▶ [What you need to do] Copy the entire listing, down to the final line, exactly.

*****

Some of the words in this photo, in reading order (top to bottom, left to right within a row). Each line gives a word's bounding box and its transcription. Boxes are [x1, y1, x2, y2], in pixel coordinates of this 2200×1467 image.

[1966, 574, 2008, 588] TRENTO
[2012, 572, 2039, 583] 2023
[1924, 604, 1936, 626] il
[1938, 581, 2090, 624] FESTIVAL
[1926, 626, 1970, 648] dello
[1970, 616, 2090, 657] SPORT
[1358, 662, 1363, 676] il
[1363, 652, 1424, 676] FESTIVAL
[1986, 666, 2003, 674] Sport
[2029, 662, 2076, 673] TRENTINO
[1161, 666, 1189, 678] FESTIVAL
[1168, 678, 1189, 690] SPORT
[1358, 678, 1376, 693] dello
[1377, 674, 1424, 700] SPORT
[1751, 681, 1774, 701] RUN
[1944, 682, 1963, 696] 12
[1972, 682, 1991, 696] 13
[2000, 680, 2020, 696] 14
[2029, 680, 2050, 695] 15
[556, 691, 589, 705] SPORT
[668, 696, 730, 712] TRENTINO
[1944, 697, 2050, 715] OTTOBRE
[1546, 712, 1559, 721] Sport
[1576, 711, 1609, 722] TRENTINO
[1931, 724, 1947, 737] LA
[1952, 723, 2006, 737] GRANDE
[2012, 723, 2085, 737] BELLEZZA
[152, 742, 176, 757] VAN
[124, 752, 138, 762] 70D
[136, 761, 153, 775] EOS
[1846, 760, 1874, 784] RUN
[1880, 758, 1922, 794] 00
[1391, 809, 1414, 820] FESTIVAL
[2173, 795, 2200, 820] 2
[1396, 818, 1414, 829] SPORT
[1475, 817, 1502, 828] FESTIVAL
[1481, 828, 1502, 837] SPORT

*****

▶ [Written response]
Some of the words in this photo, in reading order (top to bottom, left to right within a row). Each line gives a word's bounding box and its transcription. Boxes are [x1, y1, x2, y2], in pixel coordinates of this 2200×1467 image.

[1966, 574, 2008, 588] TRENTO
[2012, 572, 2039, 583] 2023
[1924, 604, 1936, 626] il
[1938, 581, 2090, 624] FESTIVAL
[1926, 626, 1970, 648] dello
[1970, 616, 2090, 657] SPORT
[1358, 662, 1363, 676] il
[1363, 652, 1424, 676] FESTIVAL
[1986, 666, 2003, 674] Sport
[2029, 662, 2076, 673] TRENTINO
[1161, 666, 1189, 678] FESTIVAL
[1168, 678, 1189, 690] SPORT
[1358, 678, 1376, 693] dello
[1377, 674, 1424, 700] SPORT
[1751, 681, 1774, 701] RUN
[1944, 682, 1963, 696] 12
[1972, 682, 1991, 696] 13
[2000, 680, 2020, 696] 14
[2029, 680, 2050, 695] 15
[556, 691, 589, 705] SPORT
[668, 696, 730, 712] TRENTINO
[1944, 697, 2050, 715] OTTOBRE
[1546, 712, 1559, 721] Sport
[1576, 711, 1609, 722] TRENTINO
[1931, 724, 1947, 737] LA
[1952, 723, 2006, 737] GRANDE
[2012, 723, 2085, 737] BELLEZZA
[152, 742, 176, 757] VAN
[124, 752, 138, 762] 70D
[136, 761, 153, 775] EOS
[1846, 760, 1874, 784] RUN
[1880, 758, 1922, 794] 00
[1391, 809, 1414, 820] FESTIVAL
[2173, 795, 2200, 820] 2
[1396, 818, 1414, 829] SPORT
[1475, 817, 1502, 828] FESTIVAL
[1481, 828, 1502, 837] SPORT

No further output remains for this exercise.